I just saw a headline on MSNBC asking if what you post on Facebook can be used against you. The article focuses on what your employer can do with your social media posts.

So, can what you post on social media be used against you?


Next post.

Ok, joking aside, many social media users do share a lot. So for the new year, perhaps it would do some people well to step back, think about how much they share, and ask, is it wise to post that bit of information?

This year, I have watched people insult their bosses, spouses and friends. I have read article after article about people being fired from their jobs, losing lawsuits/being forced to settle for lower amounts, getting arrested, getting in trouble with their parents (the last one probably the scariest) all because of what they post online.

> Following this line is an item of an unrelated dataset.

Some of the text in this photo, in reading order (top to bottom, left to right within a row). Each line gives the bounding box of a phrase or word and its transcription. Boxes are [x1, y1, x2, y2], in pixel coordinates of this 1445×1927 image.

Sometimes, when the law gets involved, there are ramifications for the person doing the looking rather than the person doing the posting, but that is pretty rare. Most of the time, it is perfectly acceptable for someone to use what you post on social media against you.

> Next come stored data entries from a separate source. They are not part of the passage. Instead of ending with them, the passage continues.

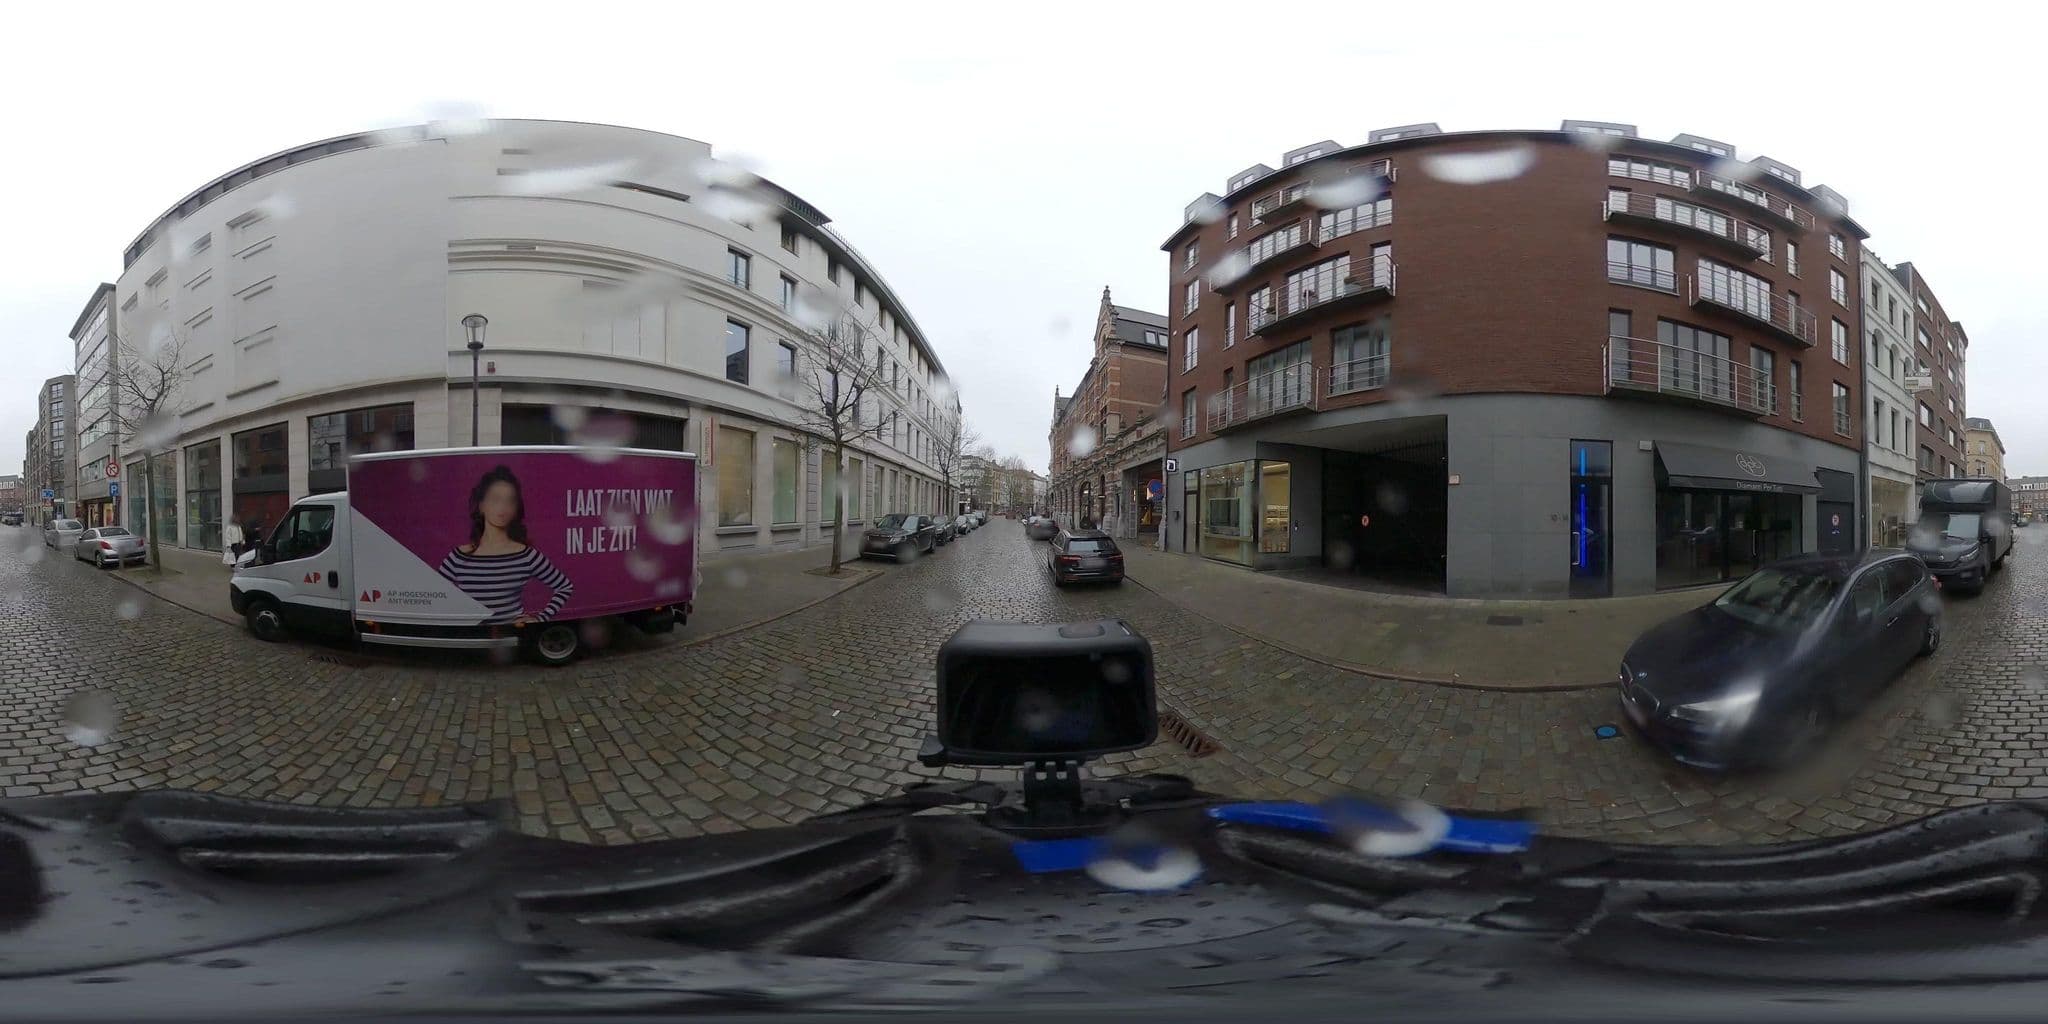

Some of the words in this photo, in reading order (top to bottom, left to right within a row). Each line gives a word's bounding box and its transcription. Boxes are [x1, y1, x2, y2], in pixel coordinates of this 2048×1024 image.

[111, 485, 118, 494] P
[566, 489, 604, 517] LAAT
[607, 488, 641, 515] ZIEN
[644, 489, 673, 515] WAT
[566, 527, 584, 555] IN
[587, 526, 606, 554] JE
[609, 525, 637, 552] ZIT!
[303, 572, 321, 584] AP
[360, 590, 382, 602] AP
[388, 597, 432, 606] ANTWERPEN
[400, 591, 447, 600] HOGESCHOOL

Looking at the past year and the lawsuits I have seen, we can ascertain:

1. Yes you can be fired for what you post online, unless what you posted is protected in some way. Most things, not protected.
2. Yes your lawsuit can be impacted by what you post online, unless what you post is hidden (read private) in some way. Most things, not properly hidden.
3. Yes your custody/alimony/divorce case can be affected by what you post online, especially since you forgot to unfriend your ex-spouse, or never even considered unfriending your mutual friends, or maybe your children; and yes that information will come up in court.
4. Yes, you can be arrested if you engage in illegal activity and post about it online, same if your post is itself illegal activity.
5. Oh, and attorneys, yes you can get in trouble if your client deletes information from his social media account.

Here’s what it comes down to. Social media, by its nature, is public. If you claim you broke your back in a car accident and start jumping up and down in a public place,  you wouldn’t be particularly surprised if it affected your law suit, would you? Well, if you take video of yourself jumping up and down and post it on Facebook, now you have provided direct evidence that can be used in court, assuming opposing counsel can get his hands on it. Why provide that evidence? (Also, why are you saying you broke your back, but that is another issue.)

So, ladies and gentlemen, I wish you a happy, healthy, peaceful, successful new year. And I ask you, not for my sake but for yours, please tell me less.